10.2. L’inammissibilita’ del primo motivo incide sul vaglio del secondo, nella parte in cui si deduce che l’esclusione della circostanza aggravante ex articolo 416-bis c.p., comma 6, avrebbe imposto di prendere le mosse, ai fini della determinazione della pena per la continuazione, dagli addebiti estorsivi, piu’ gravi di quello associativo.
Nell’ambito del medesimo motivo, viene posta la questione della commisurazione degli aumenti di pena a titolo di continuazione.
La Corte di appello, in proposito – ritenuta la rilevanza dell’ammissione di responsabilita’, da parte dell’imputato, con rinuncia parziale ai motivi di appello – ha corretto in melius la statuizione di primo grado, riducendo ad un anno di reclusione l’aumento per le estorsioni contestate ai capi c) e i).
In tal modo, ha operato in coerenza con lo spirito della decisione, pervenendo, sull’implicito quanto univoco presupposto della sostanziale pari gravita’ di tutti i reati-satellite (ritenuta, evidentemente, in parziale dissenso dalle conclusioni raggiunte dal Giudice dell’udienza preliminare), alla riduzione della sanzione complessiva irrogata ai sensi dell’articolo 81 c.p., comma 2.
Insussistente, si’ palesa, pertanto, la doglianza del ricorrente, atteso, da un canto, che il giudice, nel determinare la pena complessiva, oltre ad individuare il reato piu’ grave e stabilire la pena base per tale reato, ha calcolato l’aumento di pena in modo distinto per ognuno dei reati satellite, e, dall’altro, che la motivazione in ordine all’aumento per ciascuno dei reati e’ stata espressamente correlata alla oggettiva gravita’ dei fatti commessi (cfr. sentenza di primo grado, pag. 69, nonche’ quella impugnata, pag. 24) ed alla negativa personalita’ del loro autore (cfr. sentenza impugnata, pag. 24).

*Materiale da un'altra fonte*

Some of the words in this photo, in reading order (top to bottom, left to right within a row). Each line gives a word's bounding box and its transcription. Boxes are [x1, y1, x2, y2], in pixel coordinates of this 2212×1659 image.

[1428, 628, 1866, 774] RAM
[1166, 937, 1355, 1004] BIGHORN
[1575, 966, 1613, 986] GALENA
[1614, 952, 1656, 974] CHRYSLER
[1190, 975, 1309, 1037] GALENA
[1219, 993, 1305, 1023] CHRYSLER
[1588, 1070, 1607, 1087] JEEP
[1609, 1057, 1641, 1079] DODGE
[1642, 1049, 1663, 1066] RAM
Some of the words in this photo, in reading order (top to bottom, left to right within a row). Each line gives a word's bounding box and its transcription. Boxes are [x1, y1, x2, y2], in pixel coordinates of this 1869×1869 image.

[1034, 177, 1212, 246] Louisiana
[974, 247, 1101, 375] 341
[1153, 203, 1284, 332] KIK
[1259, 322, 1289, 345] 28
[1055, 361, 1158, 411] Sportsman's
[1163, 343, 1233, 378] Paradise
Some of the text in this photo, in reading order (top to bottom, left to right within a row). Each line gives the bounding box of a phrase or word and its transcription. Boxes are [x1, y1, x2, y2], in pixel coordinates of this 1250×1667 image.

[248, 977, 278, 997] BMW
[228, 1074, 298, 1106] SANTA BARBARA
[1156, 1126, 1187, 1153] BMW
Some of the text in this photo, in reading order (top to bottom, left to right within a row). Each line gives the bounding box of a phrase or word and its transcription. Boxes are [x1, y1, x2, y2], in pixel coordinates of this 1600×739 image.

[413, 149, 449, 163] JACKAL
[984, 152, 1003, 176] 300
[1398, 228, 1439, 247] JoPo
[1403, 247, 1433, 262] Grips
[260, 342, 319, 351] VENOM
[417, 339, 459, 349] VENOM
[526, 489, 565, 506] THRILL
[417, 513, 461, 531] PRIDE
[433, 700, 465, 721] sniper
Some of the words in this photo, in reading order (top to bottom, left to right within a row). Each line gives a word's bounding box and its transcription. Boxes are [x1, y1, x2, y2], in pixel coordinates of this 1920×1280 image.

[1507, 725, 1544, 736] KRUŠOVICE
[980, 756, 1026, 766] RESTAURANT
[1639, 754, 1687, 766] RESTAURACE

Risulta, pertanto, rispettato il principio, affermato dalla giurisprudenza di legittimita’, secondo cui “In tema di quantificazione della pena a seguito di riconoscimento della continuazione tra diversi reati, il giudice deve fornire indicazione e motivazione non solo in ordine alla individuazione della pena base, ma anche all’entita’ dell’aumento ex articolo 81 c.p. ” (Sez. 3, n. 1446 del 13/09/2017, dep. 2018, S., Rv. 271830).
10.3. Il terzo ed ultimo motivo del ricorso di (OMISSIS) verte sulla congruita’ della motivazione adottata dai giudici di merito per escludere l’applicazione delle circostanze attenuanti generiche, che l’imputato, si sostiene, avrebbe meritato in ragione del suo positivo contegno processuale, tradottosi nella rinuncia ai residui motivi di appello e nell’ammissione della responsabilita’ in ordine ai fatti in contestazione.
Cosi’ facendo, si invoca, a dispetto di quanto affermato, una diversa e piu’ favorevole interpretazione di circostanze di fatto delle quali i giudici del merito hanno fornito una lettura aliena dal vizio ipotizzato.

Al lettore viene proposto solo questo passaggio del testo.